#### TASK GOAL:
Copy every line of the data exactly, leaving nothing out.

#### EXERCISE INPUTS:
# # # # #
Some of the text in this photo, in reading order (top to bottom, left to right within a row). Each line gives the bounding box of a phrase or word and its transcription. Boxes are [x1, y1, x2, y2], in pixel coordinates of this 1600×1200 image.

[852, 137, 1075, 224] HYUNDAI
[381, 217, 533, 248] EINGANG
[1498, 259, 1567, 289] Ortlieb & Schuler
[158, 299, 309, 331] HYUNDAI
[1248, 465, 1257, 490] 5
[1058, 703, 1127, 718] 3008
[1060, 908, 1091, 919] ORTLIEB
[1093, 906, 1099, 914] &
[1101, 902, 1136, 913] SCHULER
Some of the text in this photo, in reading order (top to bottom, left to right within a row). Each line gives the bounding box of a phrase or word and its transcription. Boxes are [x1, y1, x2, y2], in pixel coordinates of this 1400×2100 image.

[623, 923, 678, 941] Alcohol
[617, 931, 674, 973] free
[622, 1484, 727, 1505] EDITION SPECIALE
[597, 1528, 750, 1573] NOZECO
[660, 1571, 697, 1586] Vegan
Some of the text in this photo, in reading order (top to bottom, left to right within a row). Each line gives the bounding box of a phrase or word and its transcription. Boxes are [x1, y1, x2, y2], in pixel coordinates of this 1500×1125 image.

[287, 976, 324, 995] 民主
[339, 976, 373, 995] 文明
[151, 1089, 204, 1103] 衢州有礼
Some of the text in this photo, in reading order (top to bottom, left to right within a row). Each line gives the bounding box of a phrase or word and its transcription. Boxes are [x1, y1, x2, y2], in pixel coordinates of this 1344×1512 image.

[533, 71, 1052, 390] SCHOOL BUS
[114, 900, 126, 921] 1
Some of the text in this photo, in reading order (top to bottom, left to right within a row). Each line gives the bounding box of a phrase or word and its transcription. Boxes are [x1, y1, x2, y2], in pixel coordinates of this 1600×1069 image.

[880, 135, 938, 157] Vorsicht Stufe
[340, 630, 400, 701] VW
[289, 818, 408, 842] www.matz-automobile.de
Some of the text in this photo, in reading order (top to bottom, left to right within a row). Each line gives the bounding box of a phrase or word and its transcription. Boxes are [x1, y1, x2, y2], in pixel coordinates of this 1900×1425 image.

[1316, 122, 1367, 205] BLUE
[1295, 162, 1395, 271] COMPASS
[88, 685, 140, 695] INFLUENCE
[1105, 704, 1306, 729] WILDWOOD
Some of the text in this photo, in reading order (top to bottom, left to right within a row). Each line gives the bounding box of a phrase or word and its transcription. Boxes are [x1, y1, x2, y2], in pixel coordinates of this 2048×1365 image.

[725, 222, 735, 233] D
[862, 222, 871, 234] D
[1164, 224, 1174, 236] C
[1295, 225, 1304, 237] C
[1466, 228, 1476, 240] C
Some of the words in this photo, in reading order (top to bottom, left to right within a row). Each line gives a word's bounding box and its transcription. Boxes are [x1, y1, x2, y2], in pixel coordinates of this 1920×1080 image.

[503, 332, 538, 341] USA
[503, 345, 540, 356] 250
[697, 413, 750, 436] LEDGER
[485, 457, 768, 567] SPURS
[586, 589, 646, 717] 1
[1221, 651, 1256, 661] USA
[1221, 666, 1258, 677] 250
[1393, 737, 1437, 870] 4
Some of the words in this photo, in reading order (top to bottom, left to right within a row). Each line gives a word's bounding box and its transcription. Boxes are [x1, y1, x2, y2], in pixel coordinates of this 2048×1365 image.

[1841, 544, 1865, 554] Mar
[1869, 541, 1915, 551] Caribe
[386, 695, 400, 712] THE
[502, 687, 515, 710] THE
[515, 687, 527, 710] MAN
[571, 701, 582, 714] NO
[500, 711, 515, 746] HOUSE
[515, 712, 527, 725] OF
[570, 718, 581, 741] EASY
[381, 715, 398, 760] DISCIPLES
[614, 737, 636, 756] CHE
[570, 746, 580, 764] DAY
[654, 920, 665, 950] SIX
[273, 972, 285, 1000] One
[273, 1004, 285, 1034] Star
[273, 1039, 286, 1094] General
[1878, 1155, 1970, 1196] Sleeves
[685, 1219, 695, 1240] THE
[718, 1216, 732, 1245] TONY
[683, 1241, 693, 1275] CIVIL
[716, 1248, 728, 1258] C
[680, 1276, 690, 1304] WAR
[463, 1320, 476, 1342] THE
# # # # #
#### THE ANSWER:
Some of the text in this photo, in reading order (top to bottom, left to right within a row). Each line gives the bounding box of a phrase or word and its transcription. Boxes are [x1, y1, x2, y2], in pixel coordinates of this 1600×1200 image.

[852, 137, 1075, 224] HYUNDAI
[381, 217, 533, 248] EINGANG
[1498, 259, 1567, 289] Ortlieb & Schuler
[158, 299, 309, 331] HYUNDAI
[1248, 465, 1257, 490] 5
[1058, 703, 1127, 718] 3008
[1060, 908, 1091, 919] ORTLIEB
[1093, 906, 1099, 914] &
[1101, 902, 1136, 913] SCHULER
Some of the text in this photo, in reading order (top to bottom, left to right within a row). Each line gives the bounding box of a phrase or word and its transcription. Boxes are [x1, y1, x2, y2], in pixel coordinates of this 1400×2100 image.

[623, 923, 678, 941] Alcohol
[617, 931, 674, 973] free
[622, 1484, 727, 1505] EDITION SPECIALE
[597, 1528, 750, 1573] NOZECO
[660, 1571, 697, 1586] Vegan
Some of the text in this photo, in reading order (top to bottom, left to right within a row). Each line gives the bounding box of a phrase or word and its transcription. Boxes are [x1, y1, x2, y2], in pixel coordinates of this 1500×1125 image.

[287, 976, 324, 995] 民主
[339, 976, 373, 995] 文明
[151, 1089, 204, 1103] 衢州有礼
Some of the text in this photo, in reading order (top to bottom, left to right within a row). Each line gives the bounding box of a phrase or word and its transcription. Boxes are [x1, y1, x2, y2], in pixel coordinates of this 1344×1512 image.

[533, 71, 1052, 390] SCHOOL BUS
[114, 900, 126, 921] 1
Some of the text in this photo, in reading order (top to bottom, left to right within a row). Each line gives the bounding box of a phrase or word and its transcription. Boxes are [x1, y1, x2, y2], in pixel coordinates of this 1600×1069 image.

[880, 135, 938, 157] Vorsicht Stufe
[340, 630, 400, 701] VW
[289, 818, 408, 842] www.matz-automobile.de
Some of the text in this photo, in reading order (top to bottom, left to right within a row). Each line gives the bounding box of a phrase or word and its transcription. Boxes are [x1, y1, x2, y2], in pixel coordinates of this 1900×1425 image.

[1316, 122, 1367, 205] BLUE
[1295, 162, 1395, 271] COMPASS
[88, 685, 140, 695] INFLUENCE
[1105, 704, 1306, 729] WILDWOOD
Some of the text in this photo, in reading order (top to bottom, left to right within a row). Each line gives the bounding box of a phrase or word and its transcription. Boxes are [x1, y1, x2, y2], in pixel coordinates of this 2048×1365 image.

[725, 222, 735, 233] D
[862, 222, 871, 234] D
[1164, 224, 1174, 236] C
[1295, 225, 1304, 237] C
[1466, 228, 1476, 240] C
Some of the words in this photo, in reading order (top to bottom, left to right within a row). Each line gives a word's bounding box and its transcription. Boxes are [x1, y1, x2, y2], in pixel coordinates of this 1920×1080 image.

[503, 332, 538, 341] USA
[503, 345, 540, 356] 250
[697, 413, 750, 436] LEDGER
[485, 457, 768, 567] SPURS
[586, 589, 646, 717] 1
[1221, 651, 1256, 661] USA
[1221, 666, 1258, 677] 250
[1393, 737, 1437, 870] 4
Some of the words in this photo, in reading order (top to bottom, left to right within a row). Each line gives a word's bounding box and its transcription. Boxes are [x1, y1, x2, y2], in pixel coordinates of this 2048×1365 image.

[1841, 544, 1865, 554] Mar
[1869, 541, 1915, 551] Caribe
[386, 695, 400, 712] THE
[502, 687, 515, 710] THE
[515, 687, 527, 710] MAN
[571, 701, 582, 714] NO
[500, 711, 515, 746] HOUSE
[515, 712, 527, 725] OF
[570, 718, 581, 741] EASY
[381, 715, 398, 760] DISCIPLES
[614, 737, 636, 756] CHE
[570, 746, 580, 764] DAY
[654, 920, 665, 950] SIX
[273, 972, 285, 1000] One
[273, 1004, 285, 1034] Star
[273, 1039, 286, 1094] General
[1878, 1155, 1970, 1196] Sleeves
[685, 1219, 695, 1240] THE
[718, 1216, 732, 1245] TONY
[683, 1241, 693, 1275] CIVIL
[716, 1248, 728, 1258] C
[680, 1276, 690, 1304] WAR
[463, 1320, 476, 1342] THE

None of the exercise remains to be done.